# [Data for processing]
▼▼▼
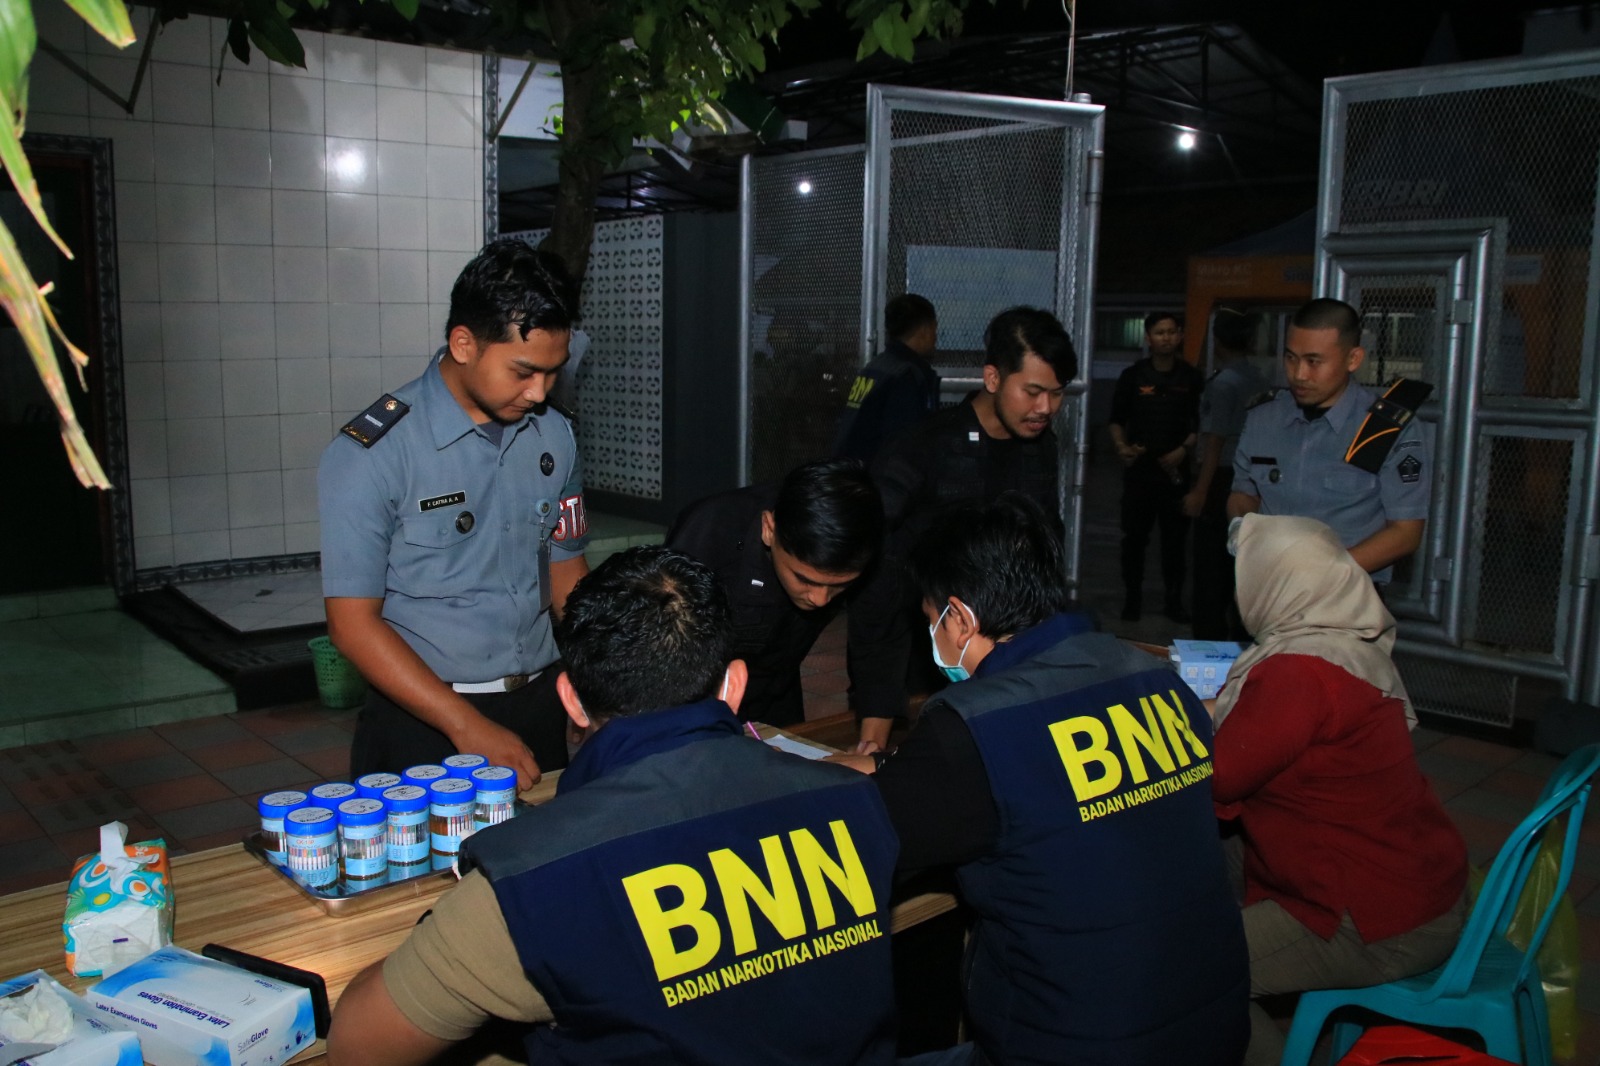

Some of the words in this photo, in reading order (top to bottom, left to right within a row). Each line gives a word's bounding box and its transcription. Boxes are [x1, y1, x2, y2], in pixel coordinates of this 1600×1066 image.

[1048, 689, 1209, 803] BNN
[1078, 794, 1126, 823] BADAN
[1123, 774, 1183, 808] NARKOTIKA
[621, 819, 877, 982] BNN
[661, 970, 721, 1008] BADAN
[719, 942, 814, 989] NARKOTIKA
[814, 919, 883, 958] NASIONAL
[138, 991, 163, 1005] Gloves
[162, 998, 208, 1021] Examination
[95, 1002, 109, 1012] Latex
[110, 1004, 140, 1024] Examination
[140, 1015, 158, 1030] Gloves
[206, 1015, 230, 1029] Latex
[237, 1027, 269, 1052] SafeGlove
▲▲▲
Every line above should be copied exactly, apart from any pictures.

# [Answer area]
Some of the words in this photo, in reading order (top to bottom, left to right within a row). Each line gives a word's bounding box and its transcription. Boxes are [x1, y1, x2, y2], in pixel coordinates of this 1600×1066 image.

[1048, 689, 1209, 803] BNN
[1078, 794, 1126, 823] BADAN
[1123, 774, 1183, 808] NARKOTIKA
[621, 819, 877, 982] BNN
[661, 970, 721, 1008] BADAN
[719, 942, 814, 989] NARKOTIKA
[814, 919, 883, 958] NASIONAL
[138, 991, 163, 1005] Gloves
[162, 998, 208, 1021] Examination
[95, 1002, 109, 1012] Latex
[110, 1004, 140, 1024] Examination
[140, 1015, 158, 1030] Gloves
[206, 1015, 230, 1029] Latex
[237, 1027, 269, 1052] SafeGlove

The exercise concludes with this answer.